All of the data needs to come back exactly as written.

++++ MATERIAL FOR THE TASK ++++

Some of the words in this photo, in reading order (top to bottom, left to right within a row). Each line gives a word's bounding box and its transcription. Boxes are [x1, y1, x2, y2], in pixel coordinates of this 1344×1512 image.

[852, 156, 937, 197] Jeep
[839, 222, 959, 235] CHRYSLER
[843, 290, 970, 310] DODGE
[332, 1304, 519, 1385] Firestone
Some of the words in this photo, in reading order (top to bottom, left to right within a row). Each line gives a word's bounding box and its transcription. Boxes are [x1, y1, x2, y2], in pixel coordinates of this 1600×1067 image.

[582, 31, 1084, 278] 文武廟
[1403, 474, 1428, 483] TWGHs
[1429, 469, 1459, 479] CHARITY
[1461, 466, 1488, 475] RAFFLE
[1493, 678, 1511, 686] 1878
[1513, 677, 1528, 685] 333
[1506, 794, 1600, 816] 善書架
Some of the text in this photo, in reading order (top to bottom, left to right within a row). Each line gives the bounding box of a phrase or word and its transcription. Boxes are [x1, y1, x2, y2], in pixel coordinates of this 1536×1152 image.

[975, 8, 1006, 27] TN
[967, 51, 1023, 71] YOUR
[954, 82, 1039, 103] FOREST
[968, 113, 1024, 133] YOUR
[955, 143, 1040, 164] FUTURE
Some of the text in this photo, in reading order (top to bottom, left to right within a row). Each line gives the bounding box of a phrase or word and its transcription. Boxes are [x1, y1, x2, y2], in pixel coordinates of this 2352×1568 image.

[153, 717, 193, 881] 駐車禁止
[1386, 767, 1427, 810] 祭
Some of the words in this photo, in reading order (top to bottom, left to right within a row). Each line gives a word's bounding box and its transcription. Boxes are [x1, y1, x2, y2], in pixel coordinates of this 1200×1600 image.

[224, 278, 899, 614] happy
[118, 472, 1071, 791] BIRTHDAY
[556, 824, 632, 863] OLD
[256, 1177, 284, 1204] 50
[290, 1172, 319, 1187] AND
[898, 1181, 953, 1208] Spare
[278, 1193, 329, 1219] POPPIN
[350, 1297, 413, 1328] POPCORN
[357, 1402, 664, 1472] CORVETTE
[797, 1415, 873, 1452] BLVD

++++

RESULT OF THE TASK ▸
Some of the words in this photo, in reading order (top to bottom, left to right within a row). Each line gives a word's bounding box and its transcription. Boxes are [x1, y1, x2, y2], in pixel coordinates of this 1344×1512 image.

[852, 156, 937, 197] Jeep
[839, 222, 959, 235] CHRYSLER
[843, 290, 970, 310] DODGE
[332, 1304, 519, 1385] Firestone
Some of the words in this photo, in reading order (top to bottom, left to right within a row). Each line gives a word's bounding box and its transcription. Boxes are [x1, y1, x2, y2], in pixel coordinates of this 1600×1067 image.

[582, 31, 1084, 278] 文武廟
[1403, 474, 1428, 483] TWGHs
[1429, 469, 1459, 479] CHARITY
[1461, 466, 1488, 475] RAFFLE
[1493, 678, 1511, 686] 1878
[1513, 677, 1528, 685] 333
[1506, 794, 1600, 816] 善書架
Some of the text in this photo, in reading order (top to bottom, left to right within a row). Each line gives the bounding box of a phrase or word and its transcription. Boxes are [x1, y1, x2, y2], in pixel coordinates of this 1536×1152 image.

[975, 8, 1006, 27] TN
[967, 51, 1023, 71] YOUR
[954, 82, 1039, 103] FOREST
[968, 113, 1024, 133] YOUR
[955, 143, 1040, 164] FUTURE
Some of the text in this photo, in reading order (top to bottom, left to right within a row). Each line gives the bounding box of a phrase or word and its transcription. Boxes are [x1, y1, x2, y2], in pixel coordinates of this 2352×1568 image.

[153, 717, 193, 881] 駐車禁止
[1386, 767, 1427, 810] 祭
Some of the words in this photo, in reading order (top to bottom, left to right within a row). Each line gives a word's bounding box and its transcription. Boxes are [x1, y1, x2, y2], in pixel coordinates of this 1200×1600 image.

[224, 278, 899, 614] happy
[118, 472, 1071, 791] BIRTHDAY
[556, 824, 632, 863] OLD
[256, 1177, 284, 1204] 50
[290, 1172, 319, 1187] AND
[898, 1181, 953, 1208] Spare
[278, 1193, 329, 1219] POPPIN
[350, 1297, 413, 1328] POPCORN
[357, 1402, 664, 1472] CORVETTE
[797, 1415, 873, 1452] BLVD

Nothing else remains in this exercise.